YOUR TASK: Start at the line that contains "this 1920×1280 image." in the listing below and extract every line through the last, exactly; leave pictures out.
[RECORD SET — start]
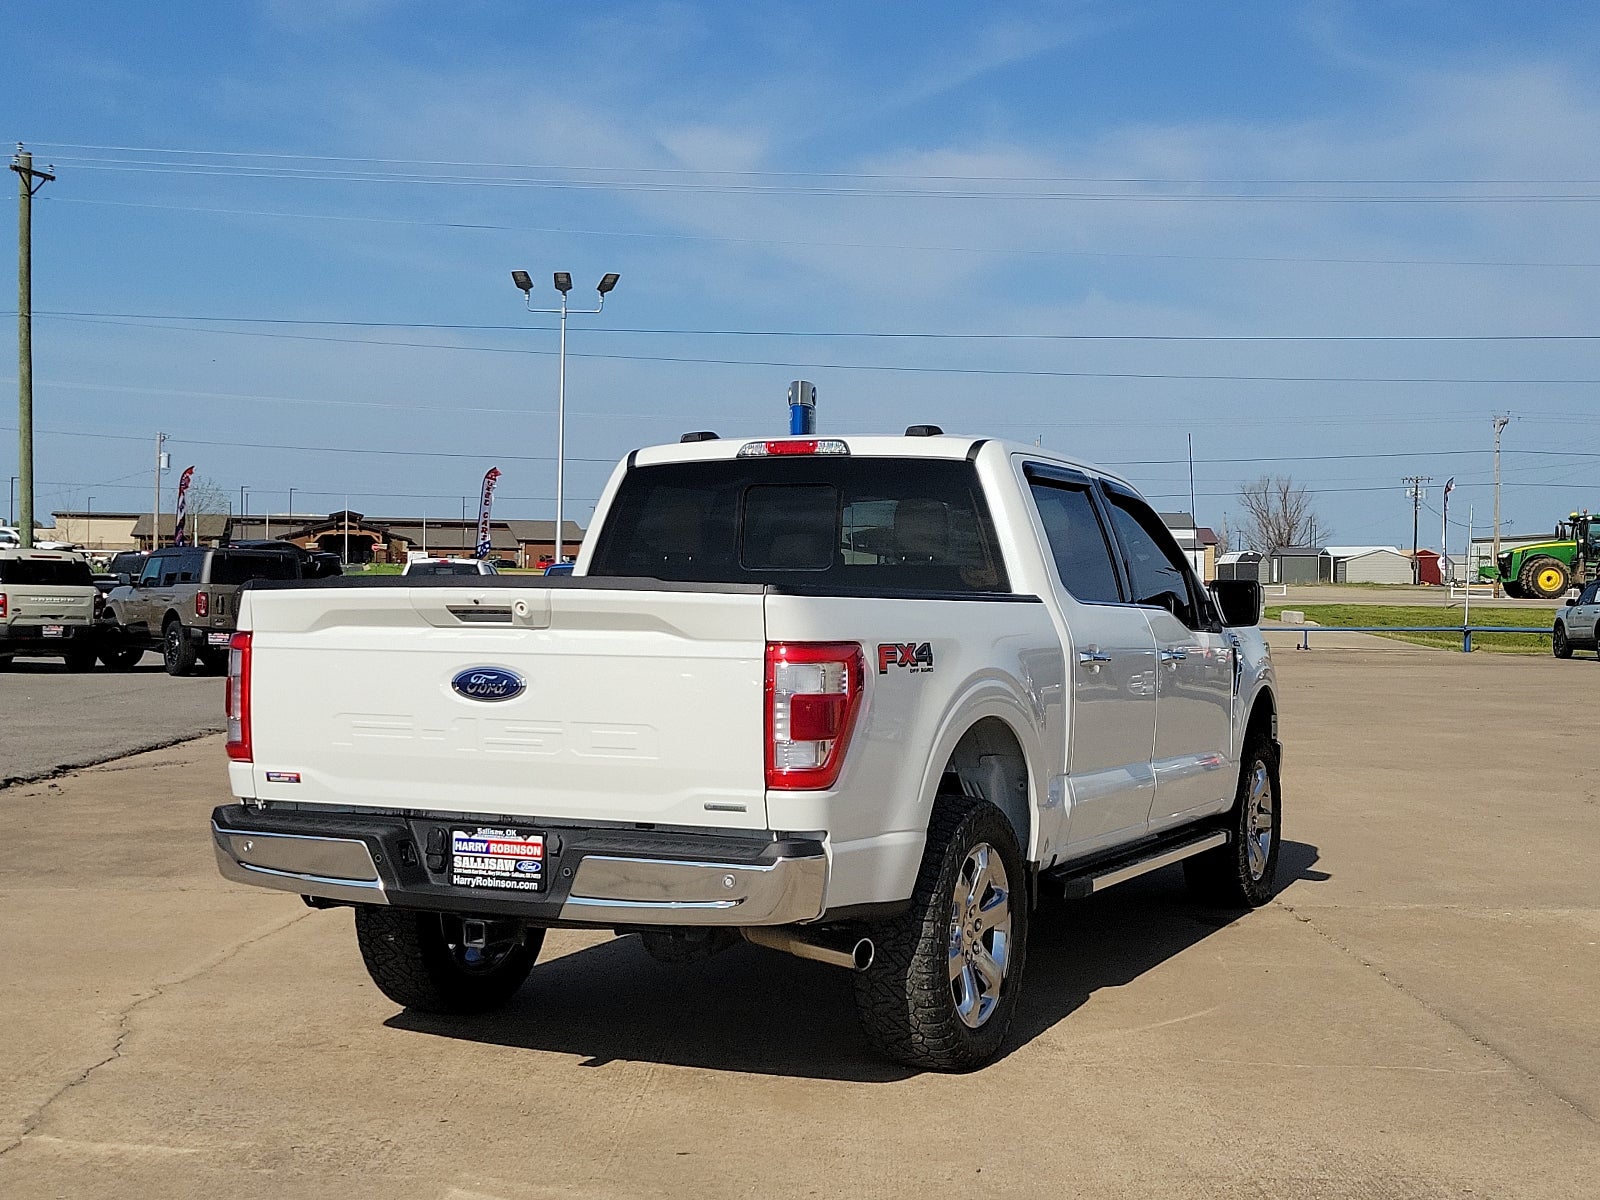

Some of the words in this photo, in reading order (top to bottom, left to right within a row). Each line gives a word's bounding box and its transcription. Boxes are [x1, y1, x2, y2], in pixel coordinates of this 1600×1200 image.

[878, 642, 933, 674] FX4
[466, 673, 508, 694] Ford
[477, 828, 505, 836] Sallisaw,
[505, 829, 517, 837] OK
[454, 841, 488, 852] HARRY
[489, 843, 541, 856] ROBINSON
[453, 855, 516, 872] SALLISAW
[453, 875, 537, 890] HarryRobinson.com
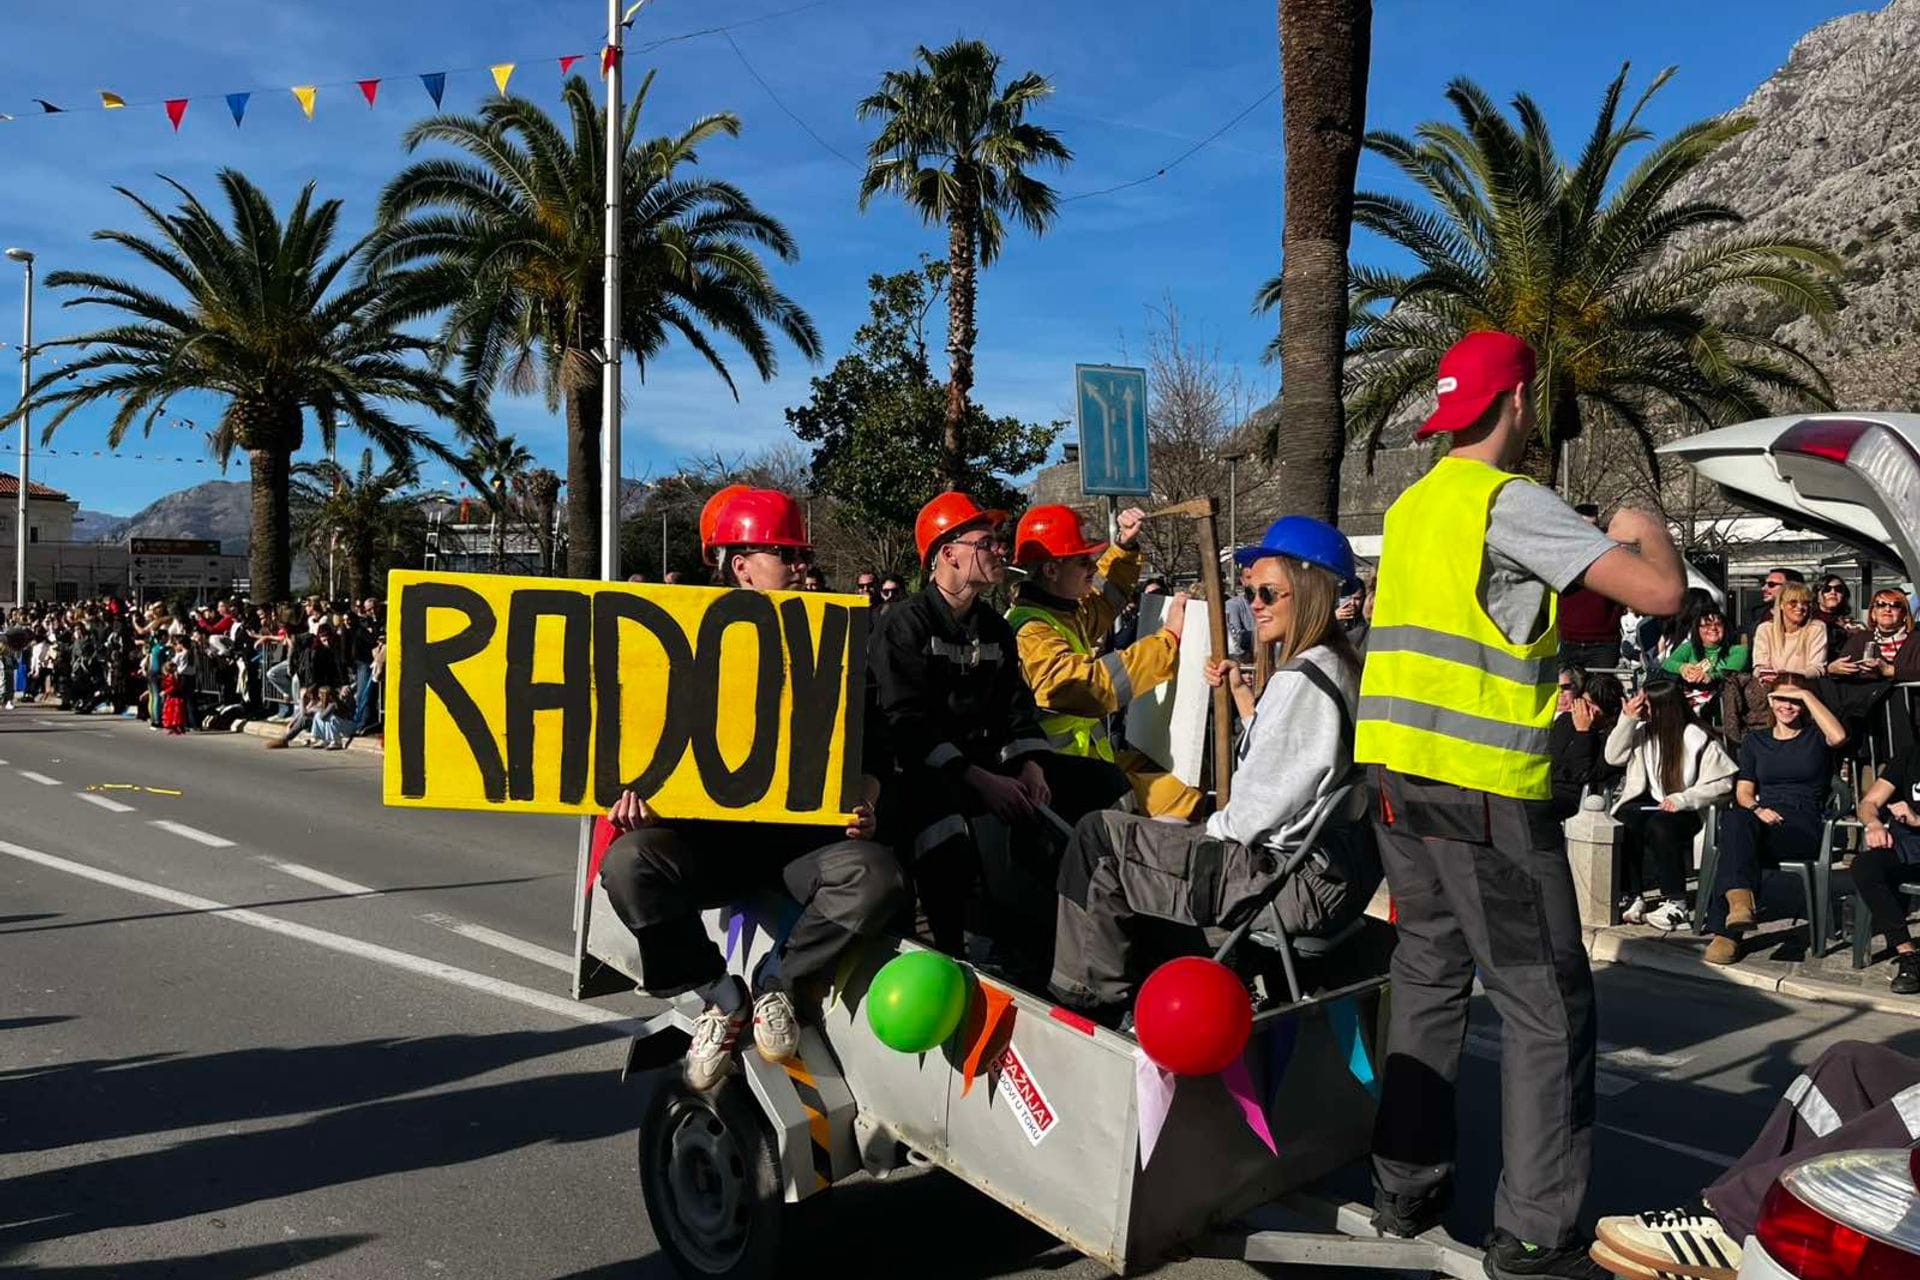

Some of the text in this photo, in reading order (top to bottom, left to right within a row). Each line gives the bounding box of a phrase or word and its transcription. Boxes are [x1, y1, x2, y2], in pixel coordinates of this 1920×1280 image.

[399, 582, 868, 812] RADOVI
[1015, 1101, 1023, 1110] U
[1021, 1111, 1041, 1140] TOKU
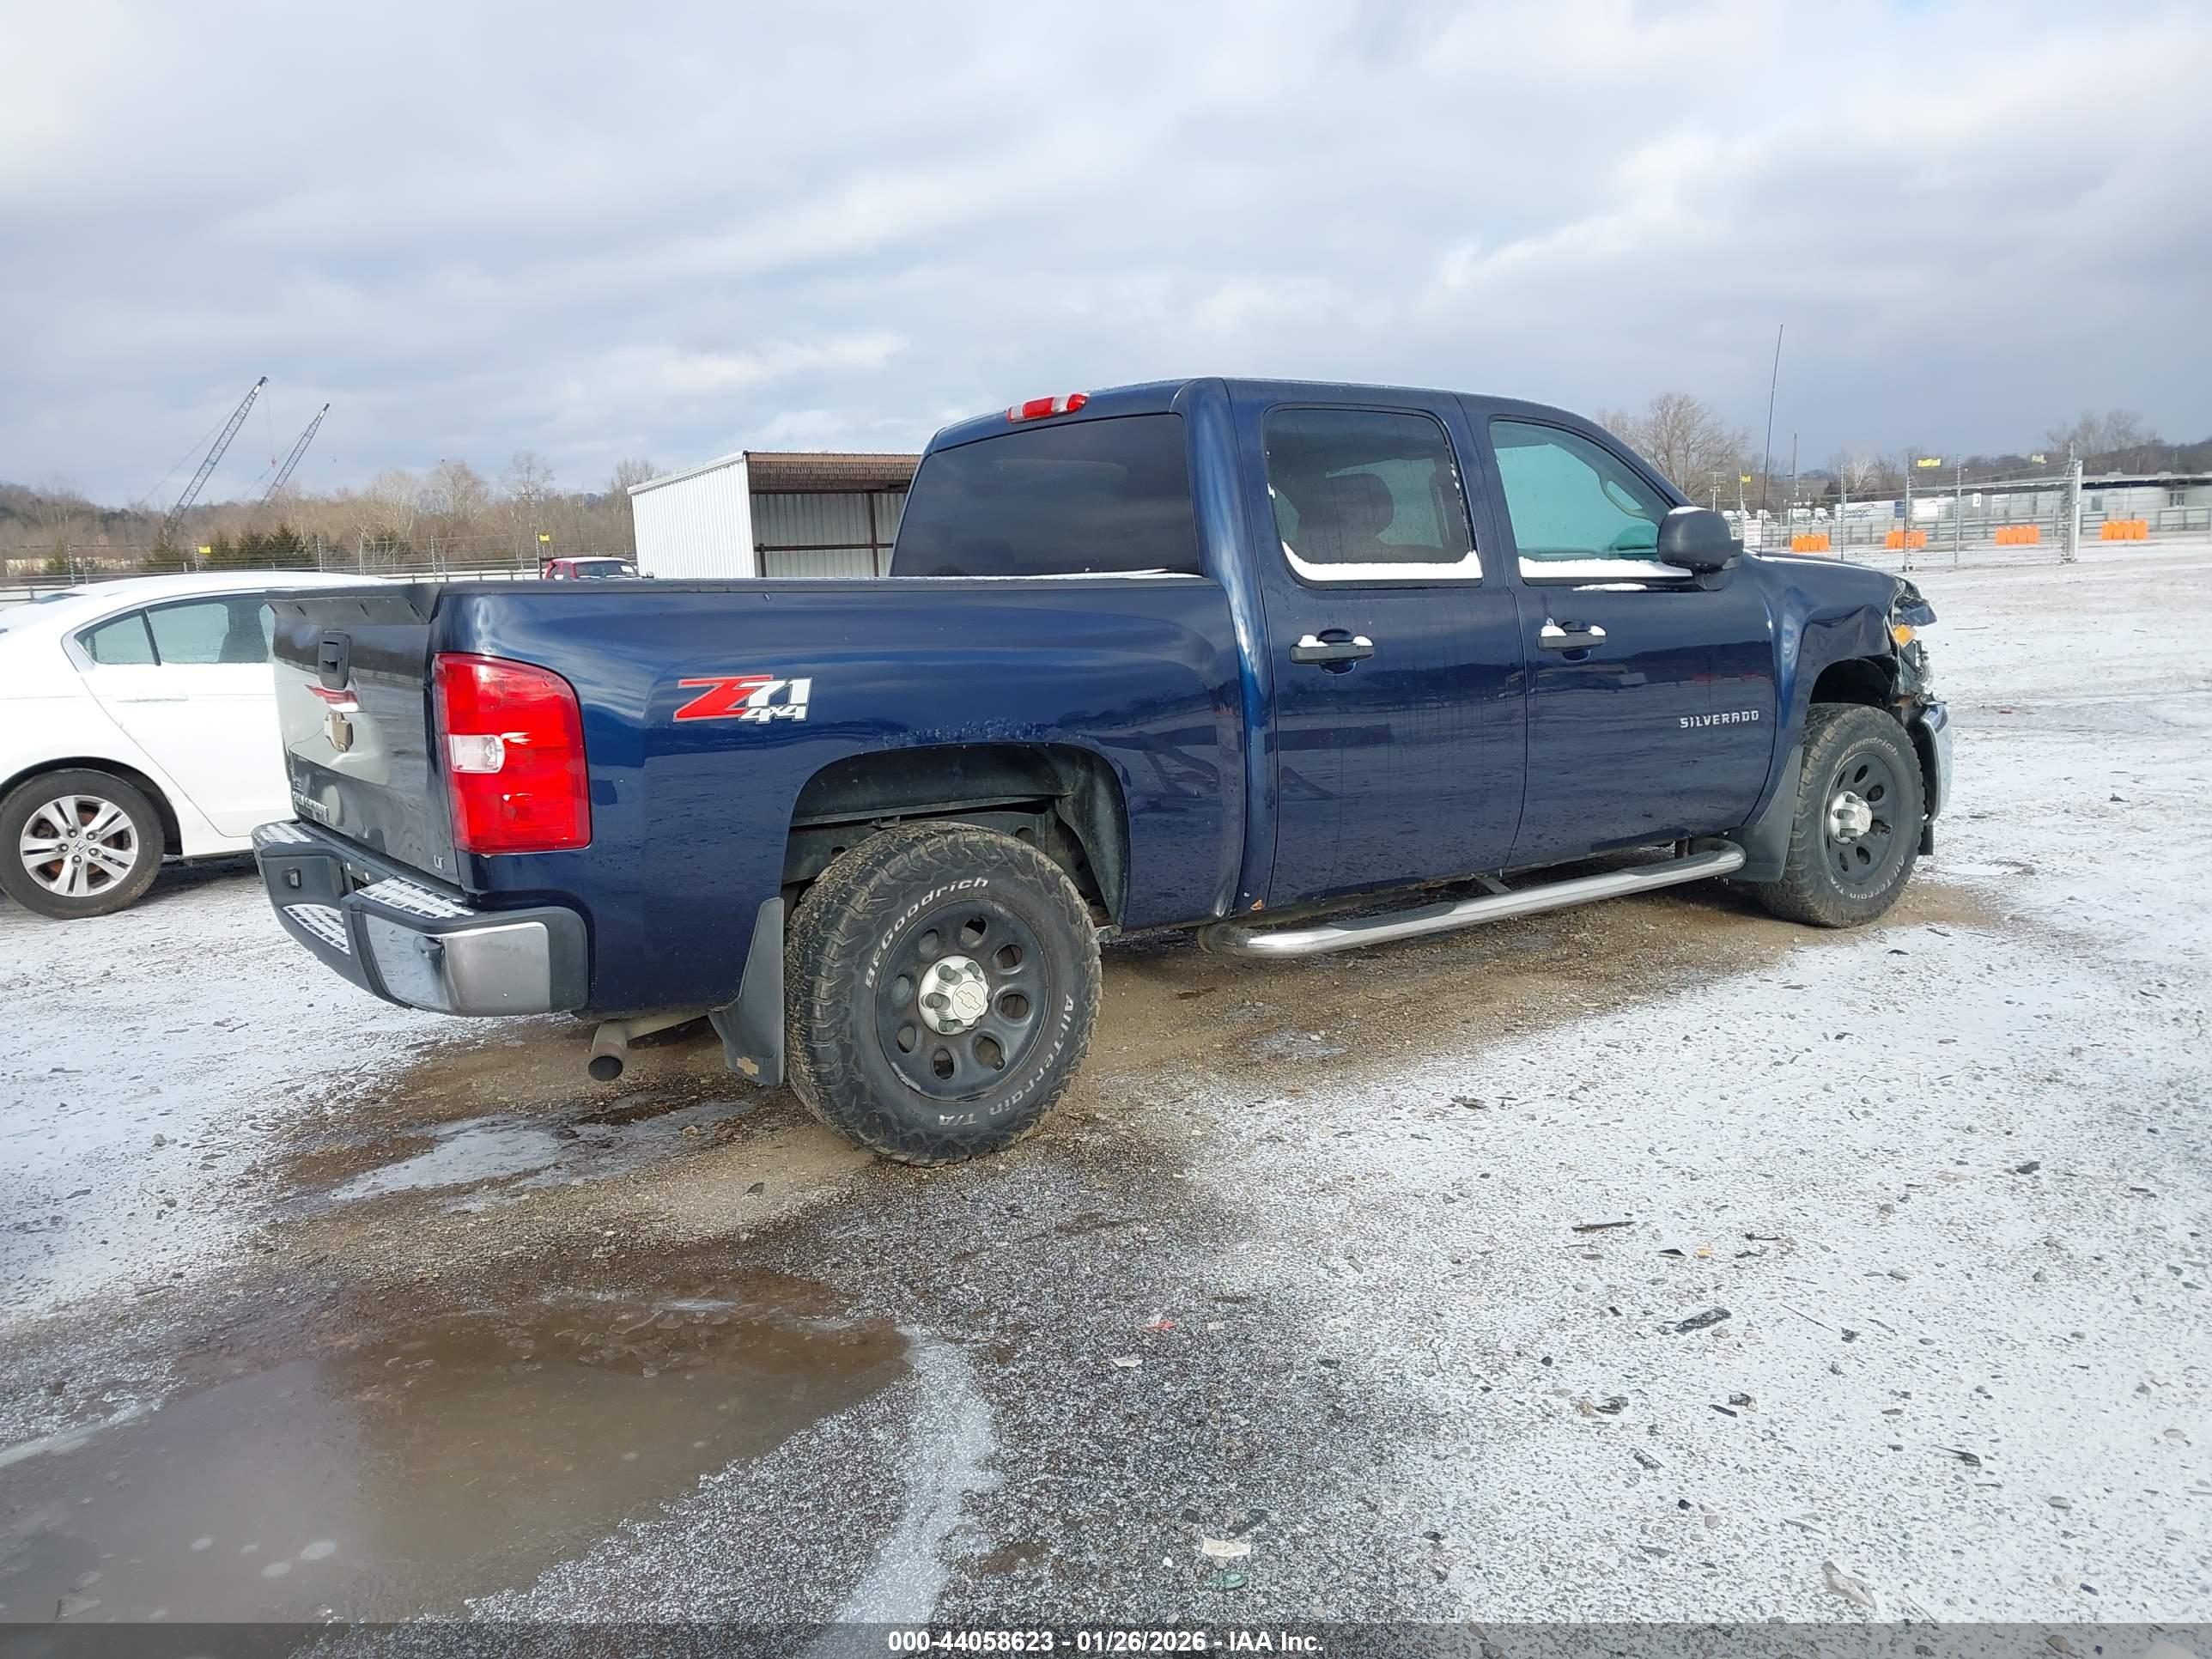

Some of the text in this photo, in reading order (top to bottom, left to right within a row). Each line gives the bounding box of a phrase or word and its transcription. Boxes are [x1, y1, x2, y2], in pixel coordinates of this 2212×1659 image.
[RECORD SET — finish]
COMPLETED TASK:
Some of the text in this photo, in reading order (top to bottom, left to right within a row). Each line gives the bounding box of a phrase or word and its transcription. Boxes are [x1, y1, x2, y2], in pixel coordinates of this 1920×1280 image.

[399, 582, 868, 812] RADOVI
[1015, 1101, 1023, 1110] U
[1021, 1111, 1041, 1140] TOKU

Some of the text in this photo, in reading order (top to bottom, left to right within a row). Each line gives the bounding box of a phrase or word and its transcription. Boxes are [x1, y1, x2, y2], in pixel coordinates of this 2212×1659 image.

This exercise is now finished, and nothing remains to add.